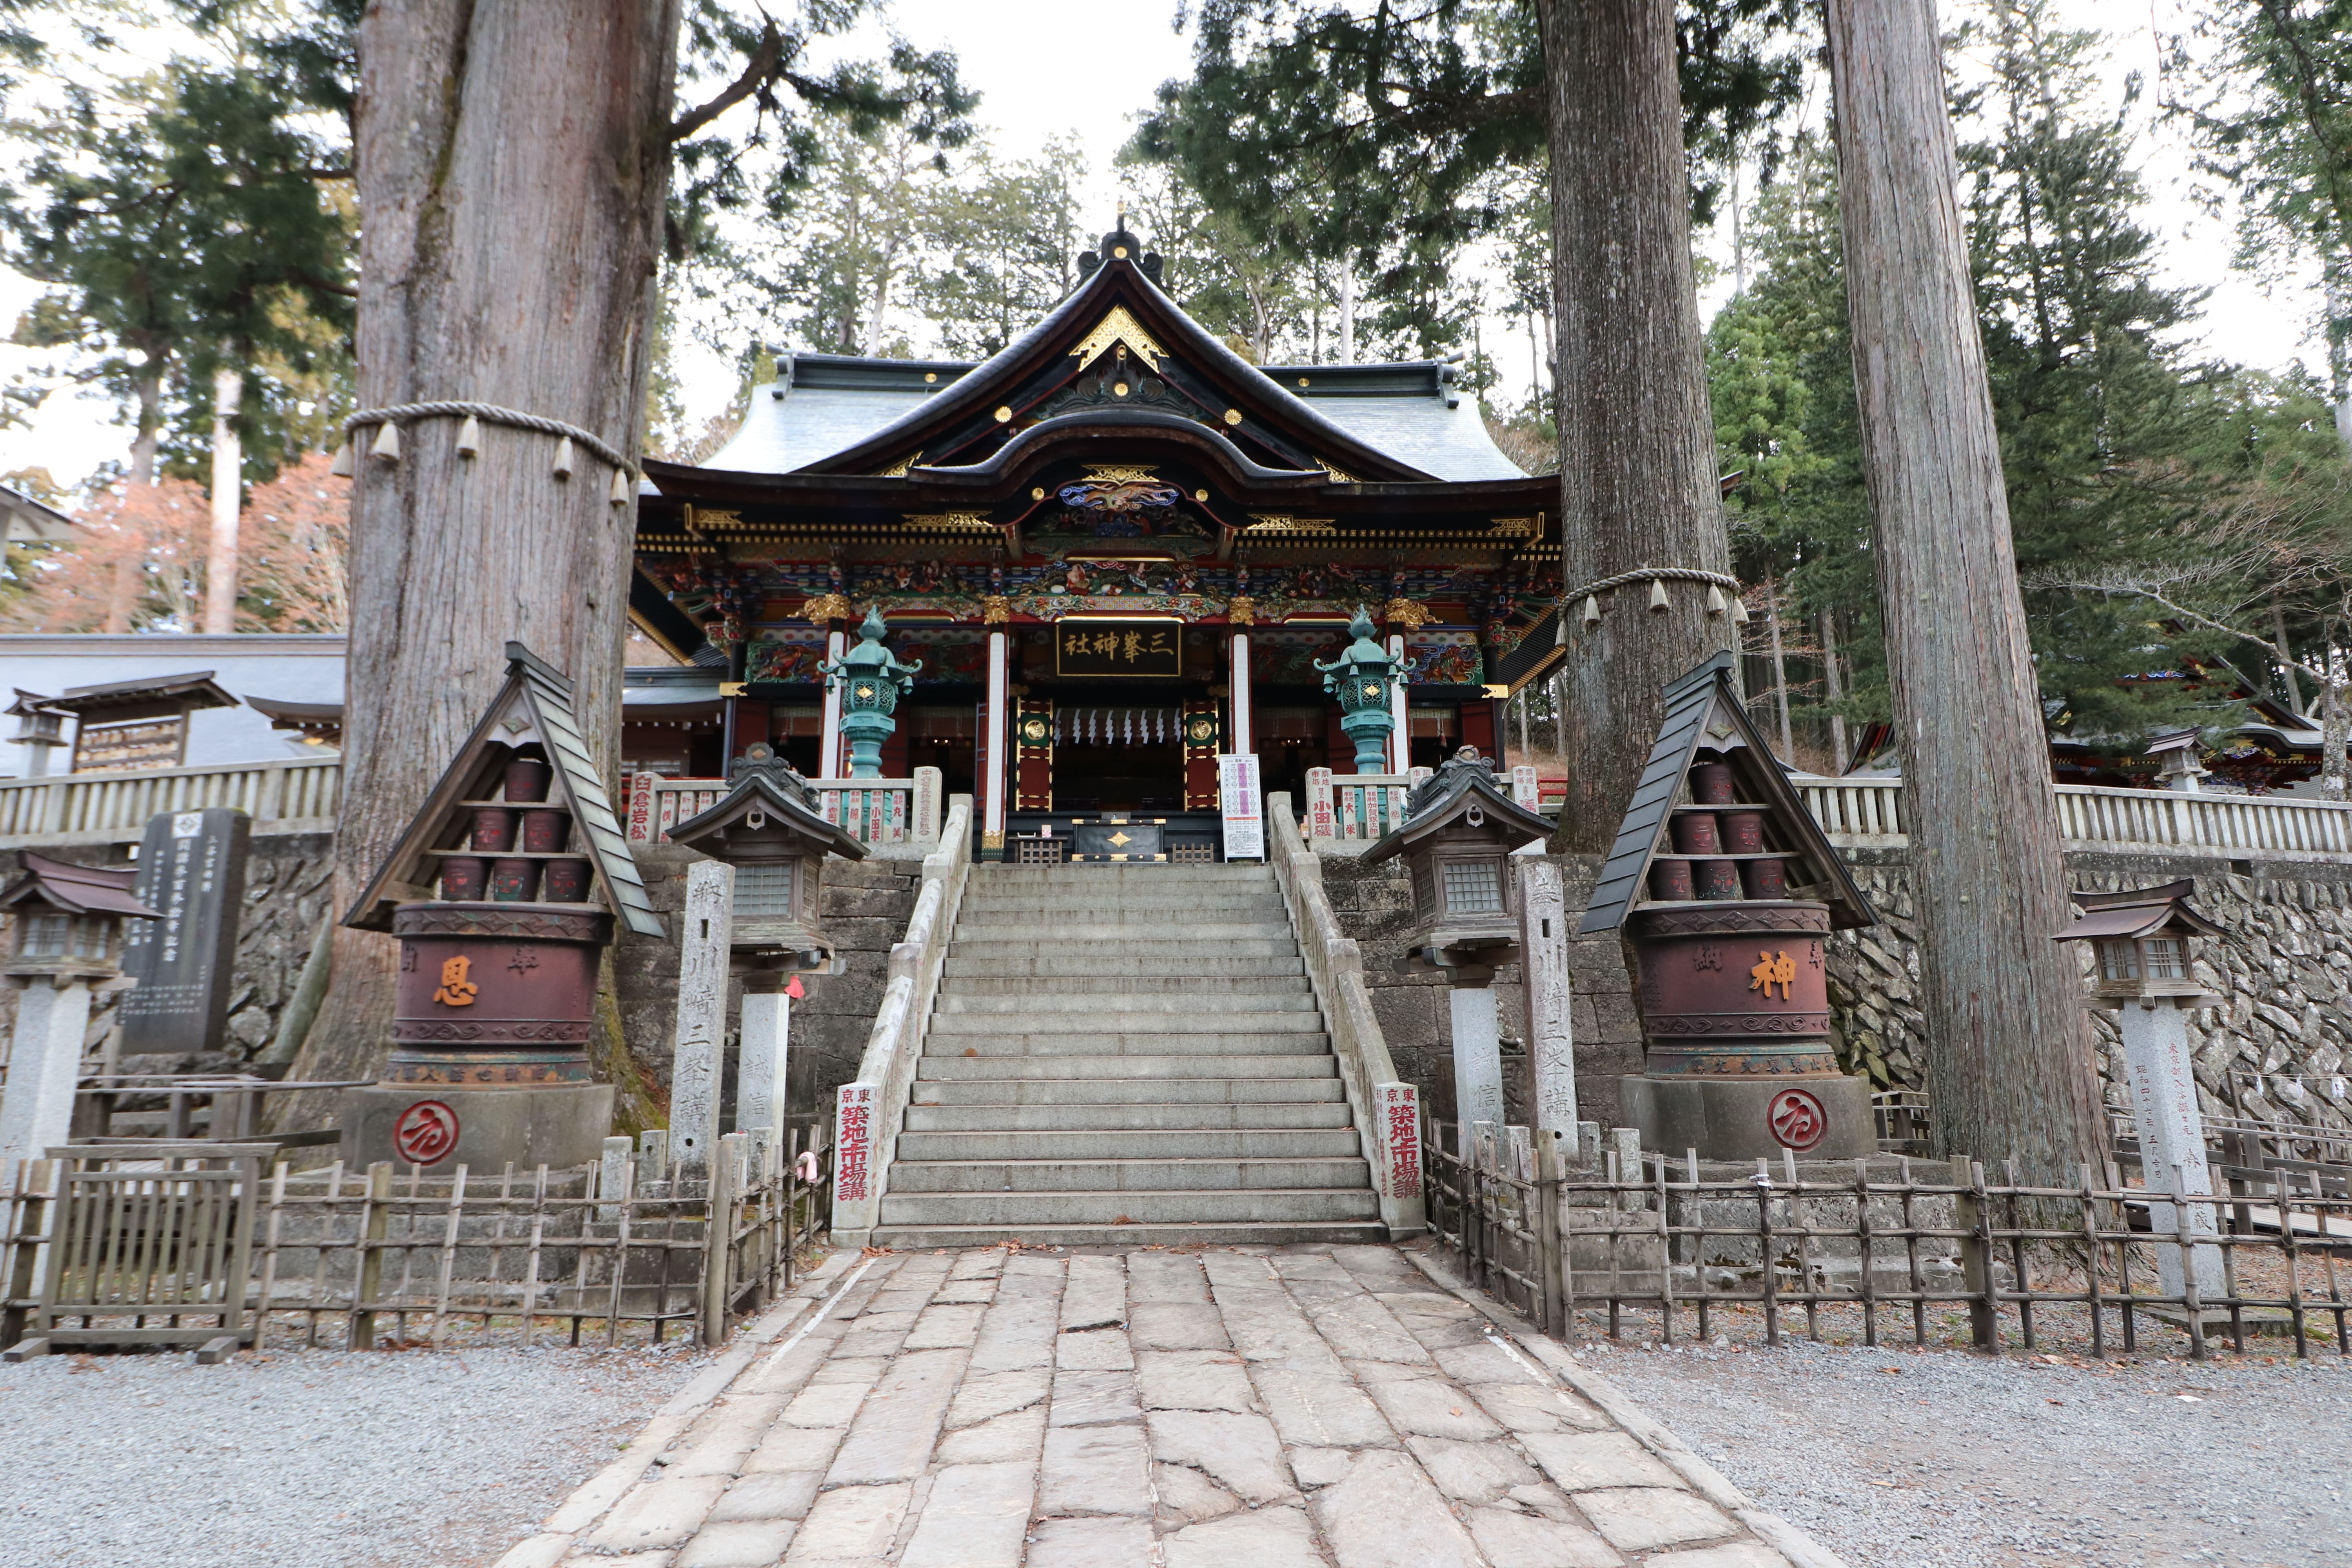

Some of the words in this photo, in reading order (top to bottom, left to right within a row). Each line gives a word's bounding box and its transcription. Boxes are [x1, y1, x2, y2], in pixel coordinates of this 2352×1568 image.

[432, 955, 478, 1007] 恩
[1748, 950, 1797, 1001] 神
[838, 1105, 870, 1201] 築地市場講
[1388, 1104, 1421, 1199] 築地市場講
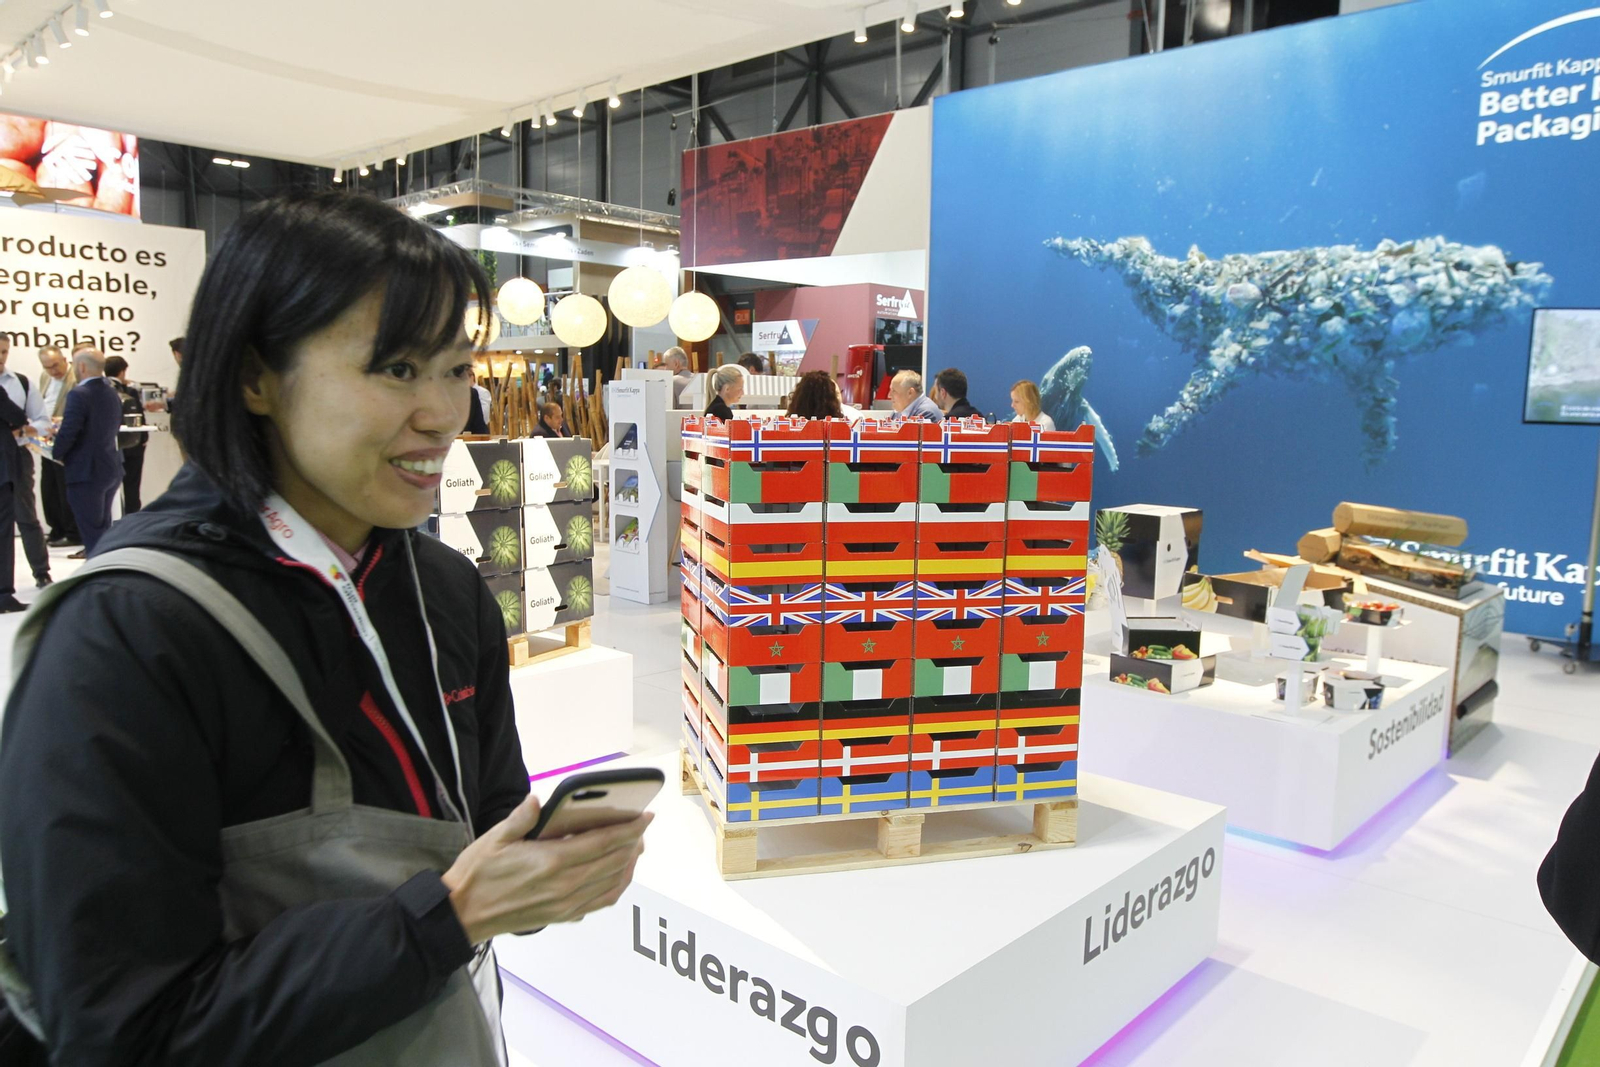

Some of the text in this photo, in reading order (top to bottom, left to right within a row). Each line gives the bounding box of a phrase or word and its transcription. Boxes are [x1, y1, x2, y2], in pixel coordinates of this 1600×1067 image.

[1481, 62, 1554, 88] Smurfit
[1479, 83, 1587, 117] Better
[1476, 105, 1600, 146] Packagi
[136, 250, 167, 267] es
[32, 298, 90, 323] qué
[99, 305, 134, 322] no
[446, 478, 475, 489] Goliath
[529, 473, 554, 482] Goliath
[456, 546, 475, 557] liath
[530, 534, 555, 545] Goliath
[530, 596, 555, 608] Goliath
[1368, 685, 1445, 760] Sostenibilidad
[1083, 846, 1216, 966] Liderazgo
[632, 903, 881, 1067] Liderazgo

-- -- --

* [What is needed] Copy exactly, with no other lines, the stretch of the material that begins at the line containing "Some of the text" and ends at its last line.

* [Answer section]
Some of the text in this photo, in reading order (top to bottom, left to right within a row). Each line gives the bounding box of a phrase or word and its transcription. Boxes are [x1, y1, x2, y2], in pixel coordinates of this 1600×1067 image.

[1481, 62, 1554, 88] Smurfit
[1479, 83, 1587, 117] Better
[1476, 105, 1600, 146] Packagi
[136, 250, 167, 267] es
[32, 298, 90, 323] qué
[99, 305, 134, 322] no
[446, 478, 475, 489] Goliath
[529, 473, 554, 482] Goliath
[456, 546, 475, 557] liath
[530, 534, 555, 545] Goliath
[530, 596, 555, 608] Goliath
[1368, 685, 1445, 760] Sostenibilidad
[1083, 846, 1216, 966] Liderazgo
[632, 903, 881, 1067] Liderazgo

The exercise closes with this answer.